Unfortunately, the story of the day did turn out to be the weather and it wasn’t the rain, which didn’t play any role in the Nadal-Federer match, but it was the wind. Extreme wind. Hurricane wind. And it all but made the game of tennis as we know it unplayable.
But credit to Nadal, who in part because of his footwork, margin on the ball and quickness, was just the better player on the day.
Federer needed his serve and his power and in extremely windy conditions and with the way Federer hits – much flatter than Rafa with much less margin – Roger just couldn’t get the timing he needed and as you saw, he flailed on a lot of balls which took away from his ability to properly get to the net.
And when he did get to the net, it seemed like Rafa passed him a lot.

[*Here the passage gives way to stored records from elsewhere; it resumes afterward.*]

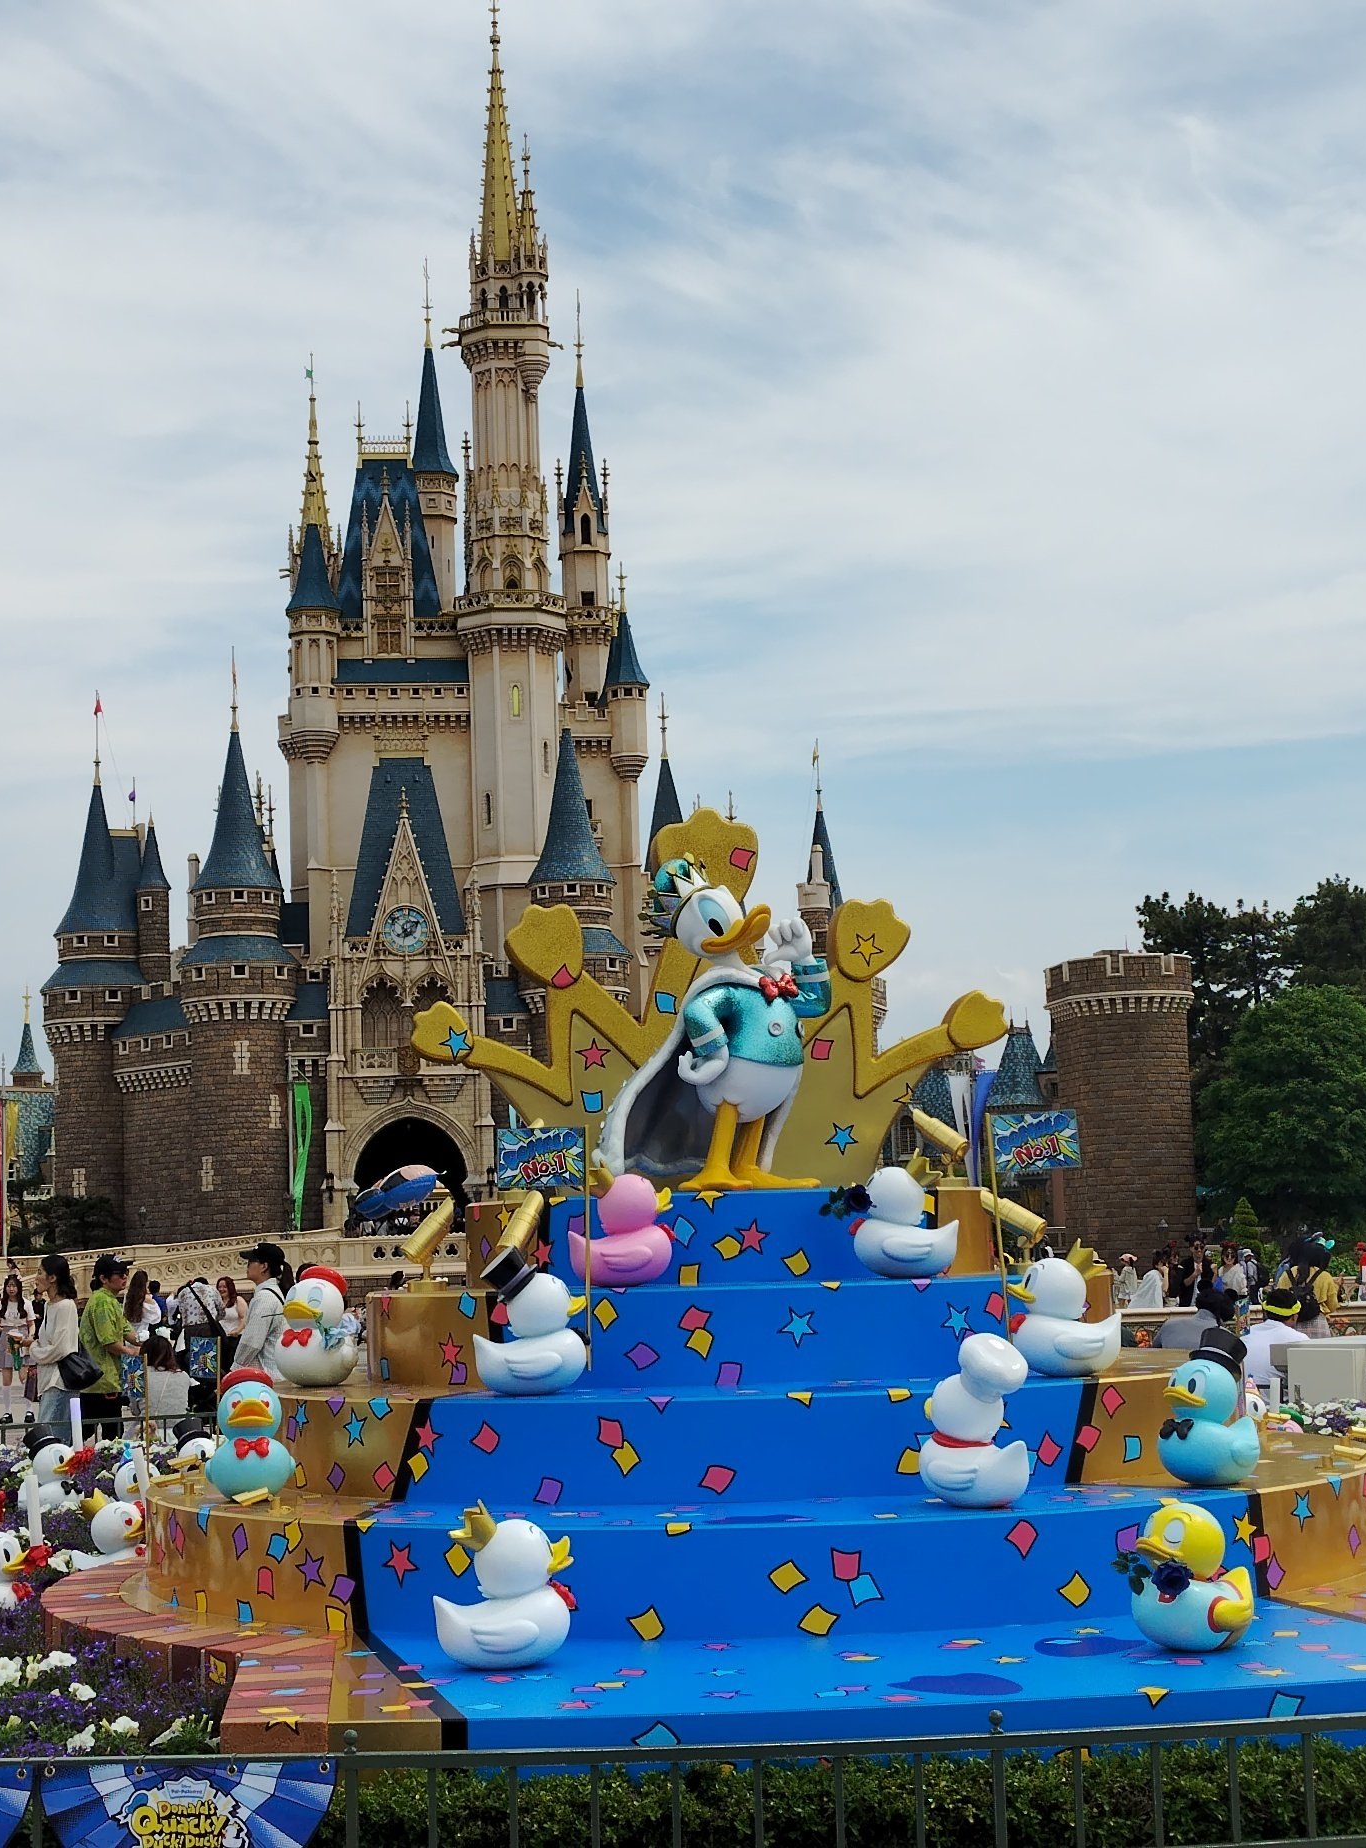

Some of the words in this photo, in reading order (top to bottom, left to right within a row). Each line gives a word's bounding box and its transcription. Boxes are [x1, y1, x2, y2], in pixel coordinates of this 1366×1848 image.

[1014, 1134, 1060, 1168] No.1
[520, 1151, 566, 1183] No.1
[131, 1805, 228, 1836] Quacky
[157, 1799, 215, 1818] Donald's
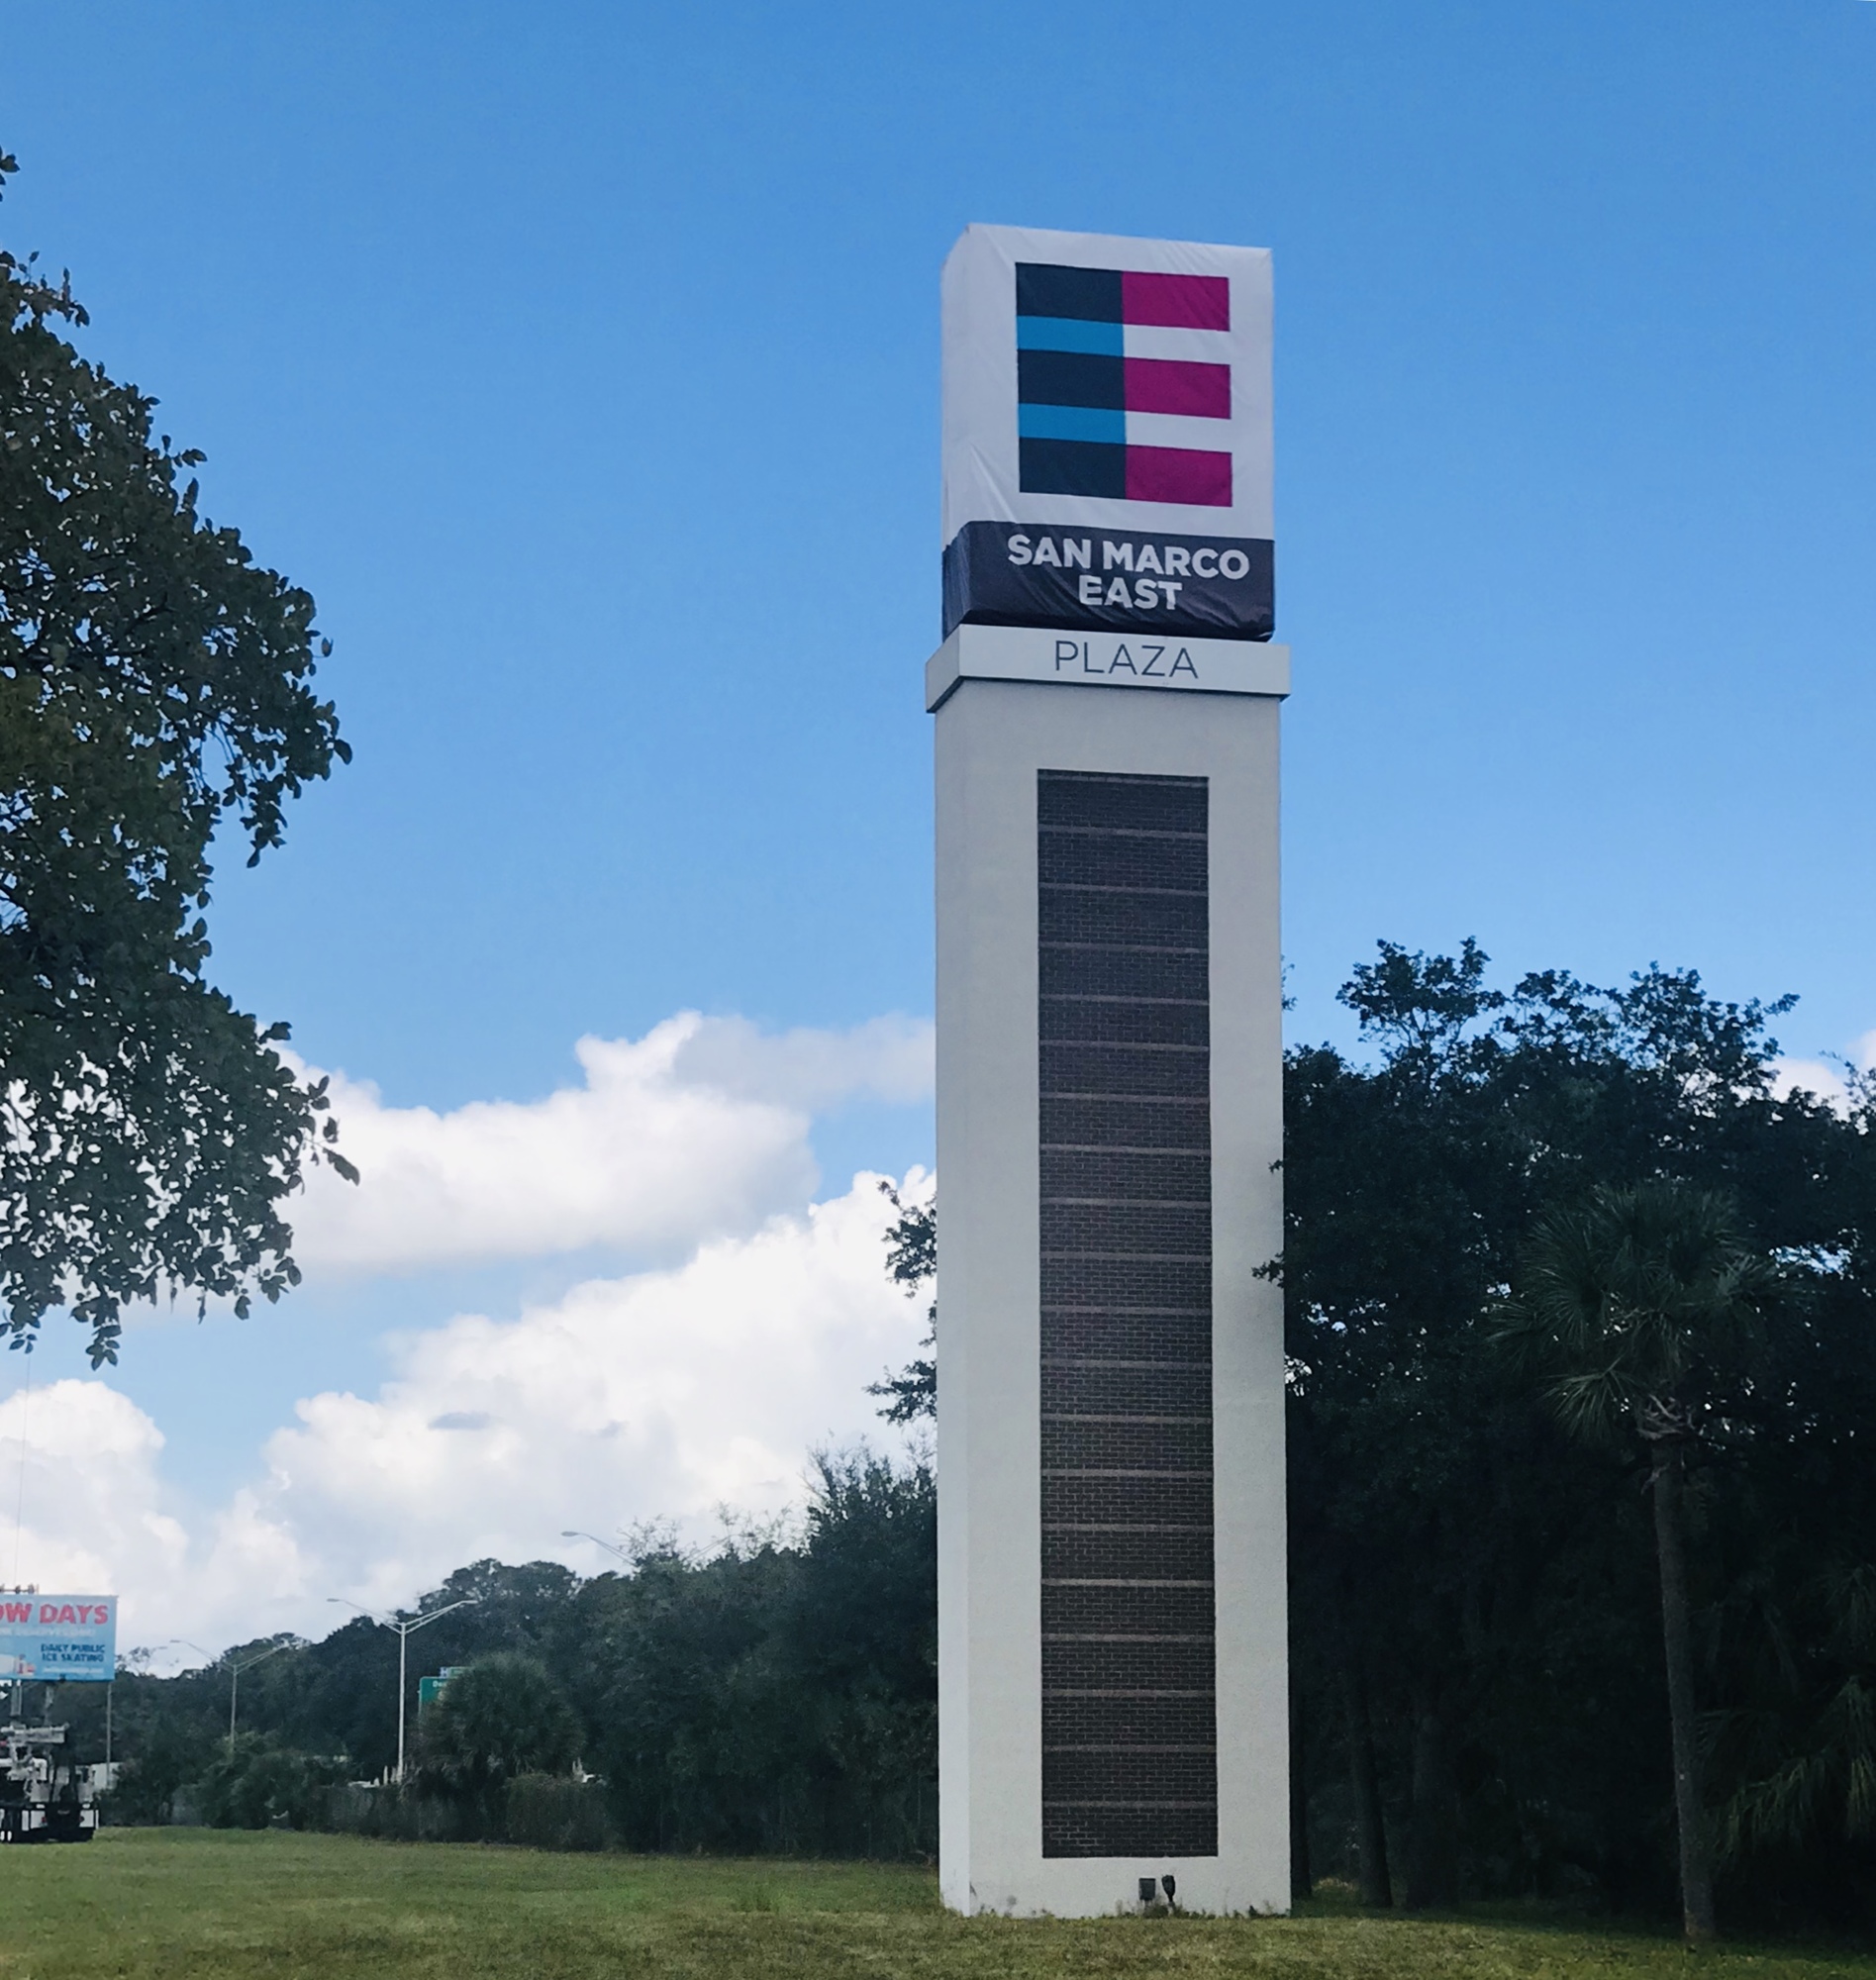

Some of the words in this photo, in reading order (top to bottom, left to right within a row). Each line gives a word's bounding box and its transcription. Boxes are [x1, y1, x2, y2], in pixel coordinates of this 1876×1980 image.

I thought under the circumstances, Roger did well. He started good and went toe-to-toe with Rafa early on, trading breaks. He then got ahead early in the second but couldn’t hold it. Then serving 4-all, 40-0 things fell apart as he lost five straight points and effectively at that point the match was over.
Nadal crushed him in the third and so Rafa advances to his 12th career French Open final and pulls further ahead of Federer 24-15 and 14-2 on clay.
“The conditions out there today have been so hard, so difficult to manage,” said Nadal who has won his last 22 at Roland Garros. “It was a day to just focus, accept all the adversities, and just be focused on [being] positive all the time. That’s what I tried to do.”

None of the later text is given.